## TASK PROMPT
Lines before the one containing "this 1920×1260 image." are left out; that line and all after it, through the end of the records, must be transcribed exactly.

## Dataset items
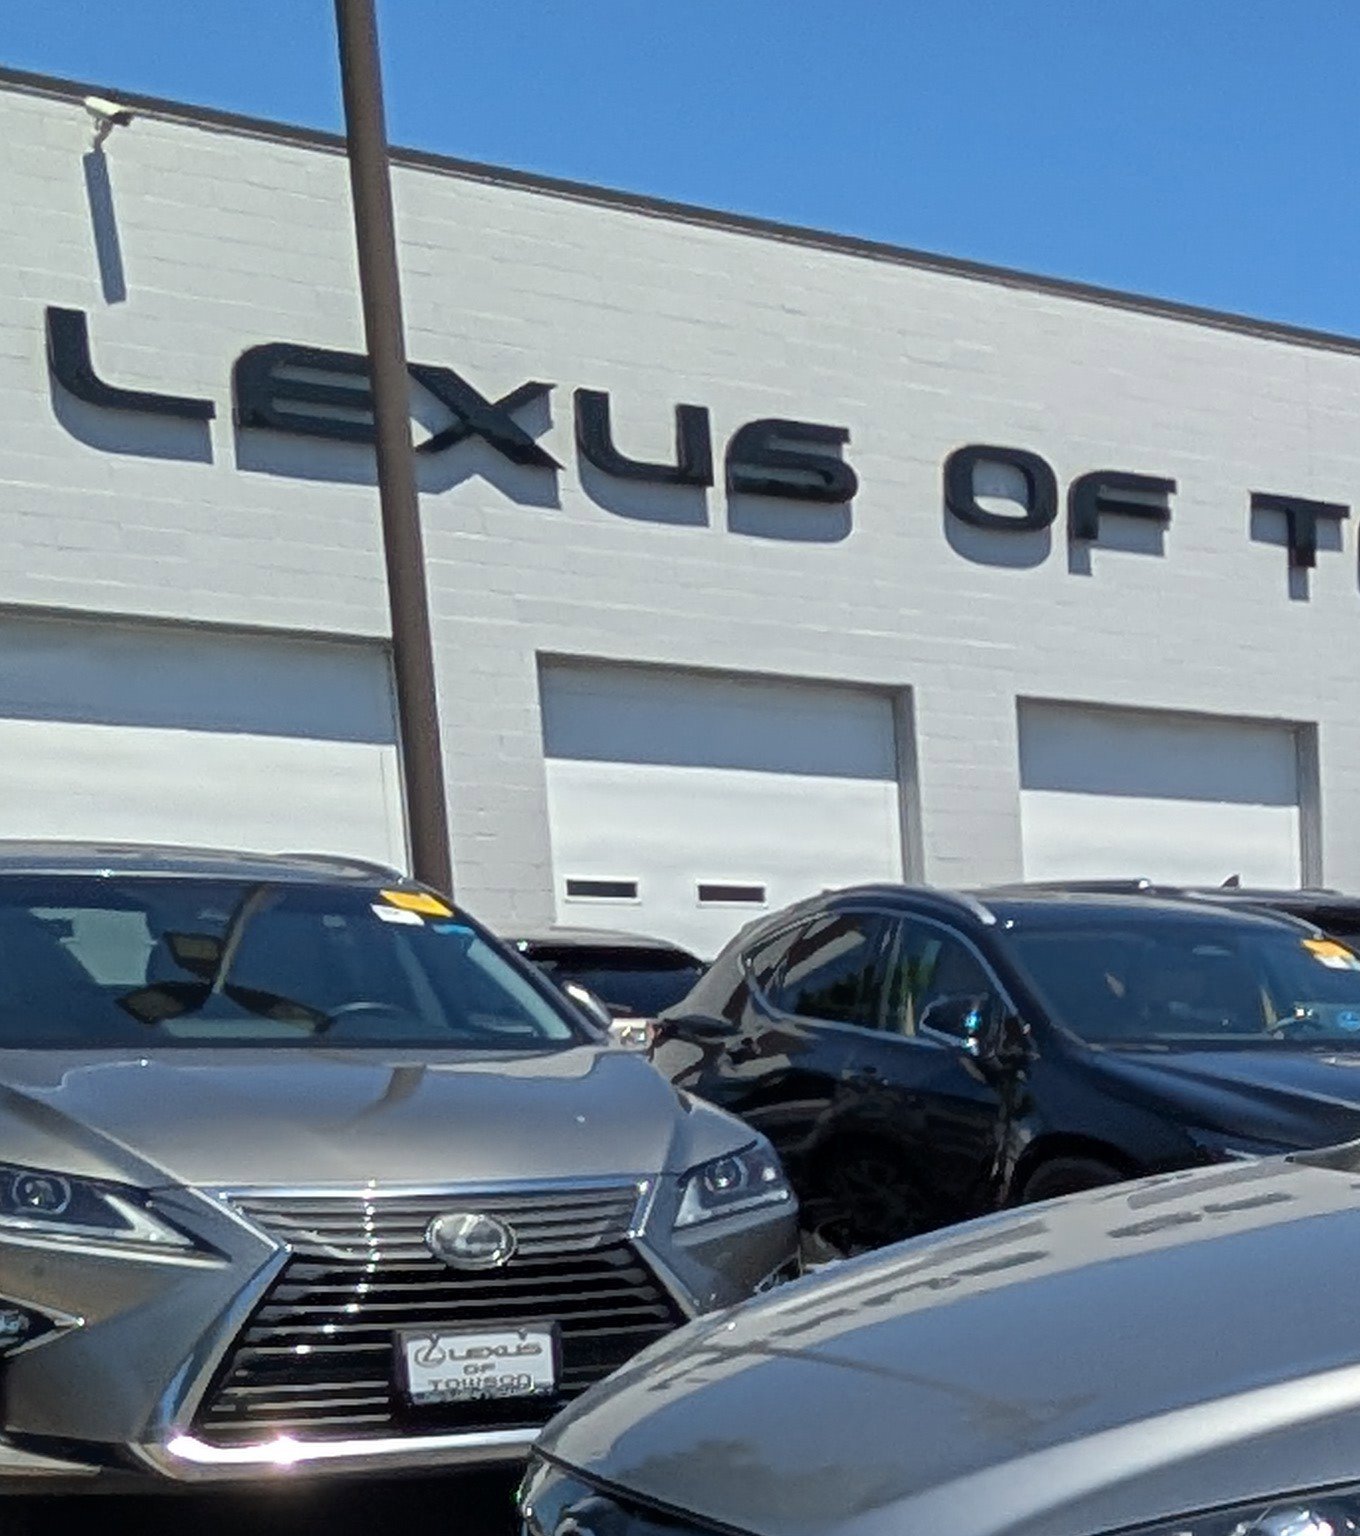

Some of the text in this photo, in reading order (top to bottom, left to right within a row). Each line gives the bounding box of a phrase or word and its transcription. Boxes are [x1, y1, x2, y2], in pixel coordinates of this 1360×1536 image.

[45, 306, 858, 504] LEXUS
[943, 443, 1177, 542] OF
[449, 1342, 542, 1361] LEXUS
[463, 1363, 496, 1376] OF
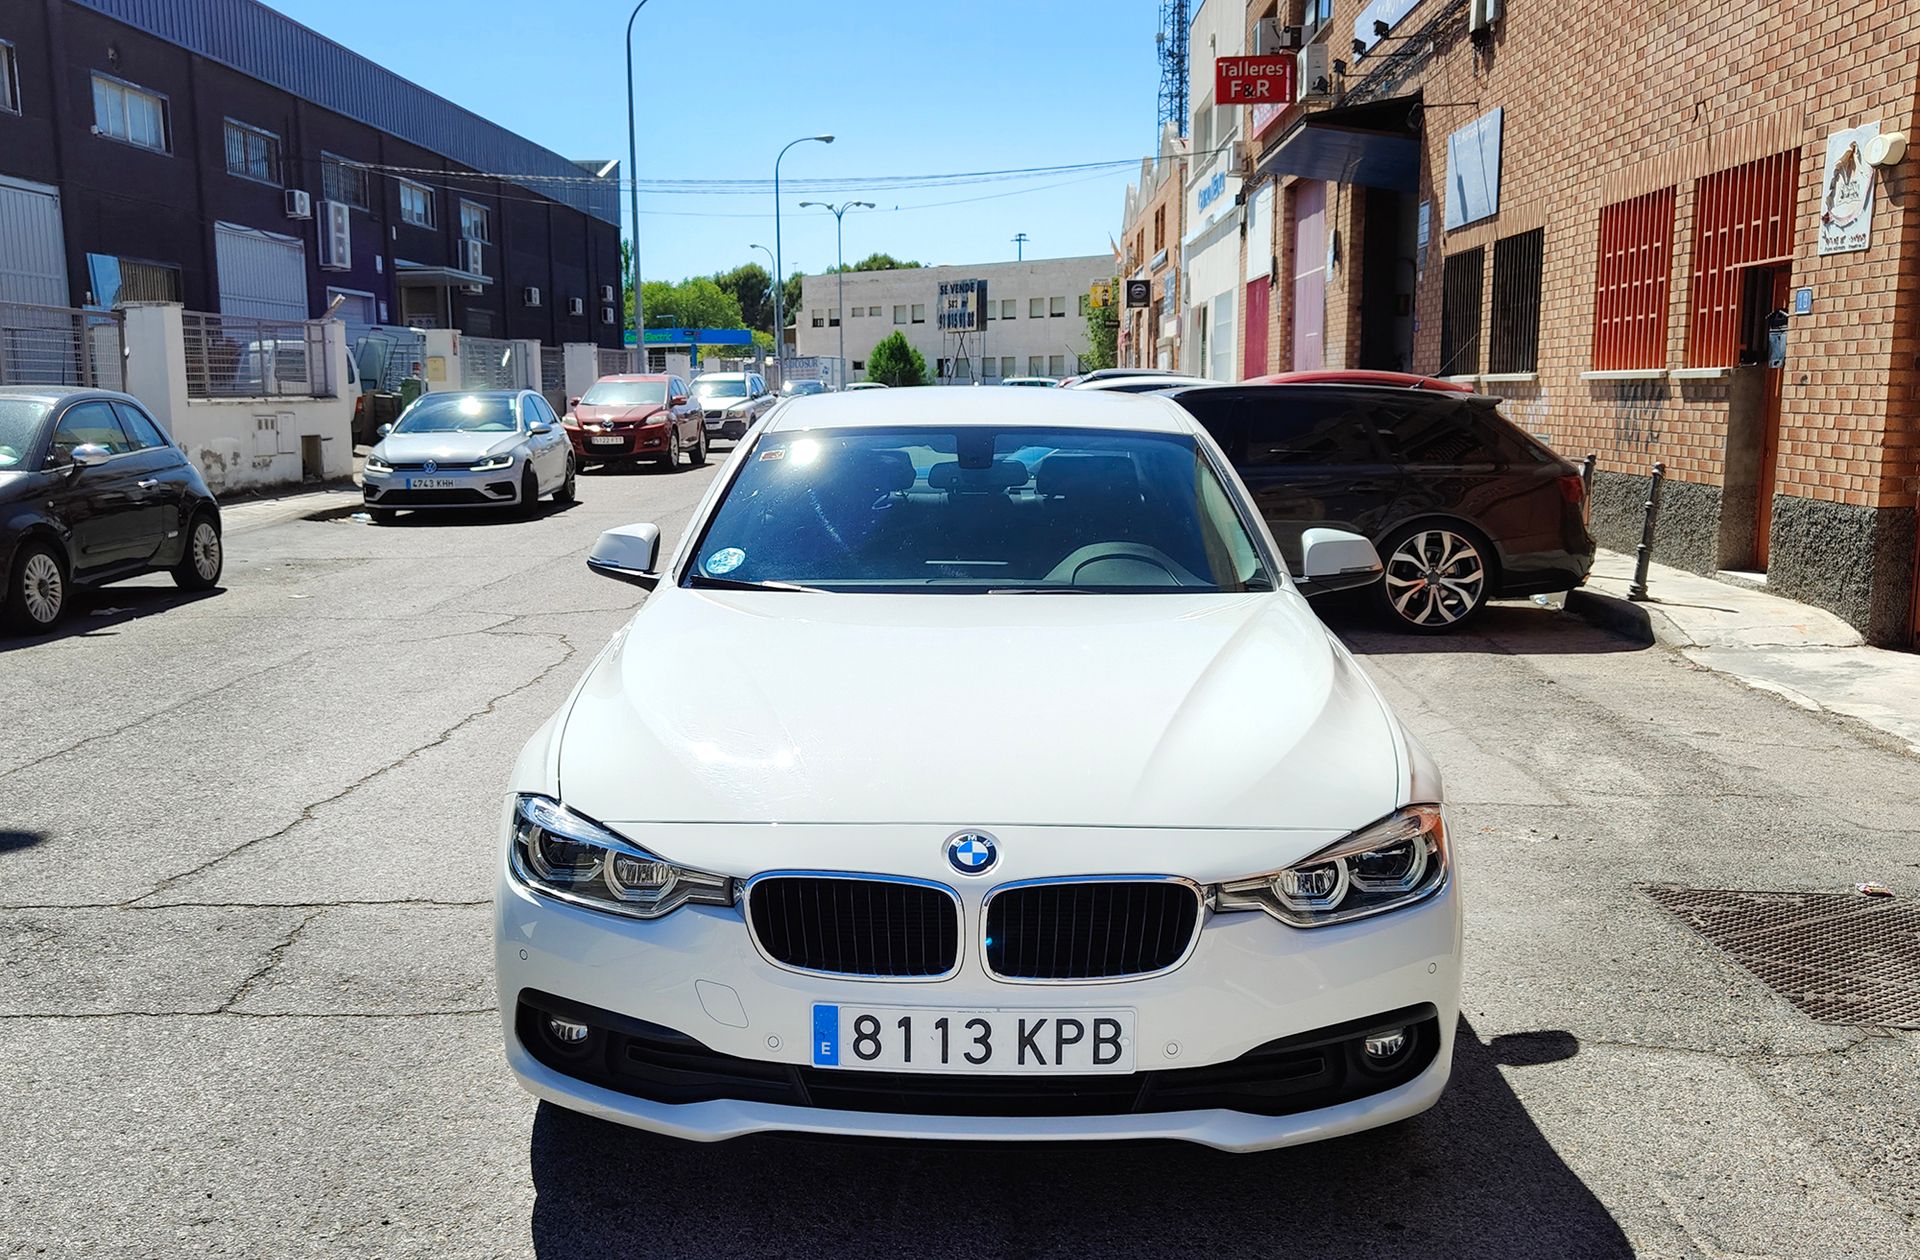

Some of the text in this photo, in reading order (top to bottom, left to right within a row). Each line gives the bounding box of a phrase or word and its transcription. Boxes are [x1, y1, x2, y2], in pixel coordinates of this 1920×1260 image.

[1220, 61, 1284, 77] Talleres
[1231, 80, 1270, 98] F&R
[940, 282, 975, 295] SE VENDE
[412, 479, 434, 488] 4743
[852, 1014, 1123, 1066] 8113 KPB
[821, 1042, 830, 1055] E

## ANSWER TO THIS EXERCISE
Some of the text in this photo, in reading order (top to bottom, left to right within a row). Each line gives the bounding box of a phrase or word and its transcription. Boxes are [x1, y1, x2, y2], in pixel coordinates of this 1920×1260 image.

[1220, 61, 1284, 77] Talleres
[1231, 80, 1270, 98] F&R
[940, 282, 975, 295] SE VENDE
[412, 479, 434, 488] 4743
[852, 1014, 1123, 1066] 8113 KPB
[821, 1042, 830, 1055] E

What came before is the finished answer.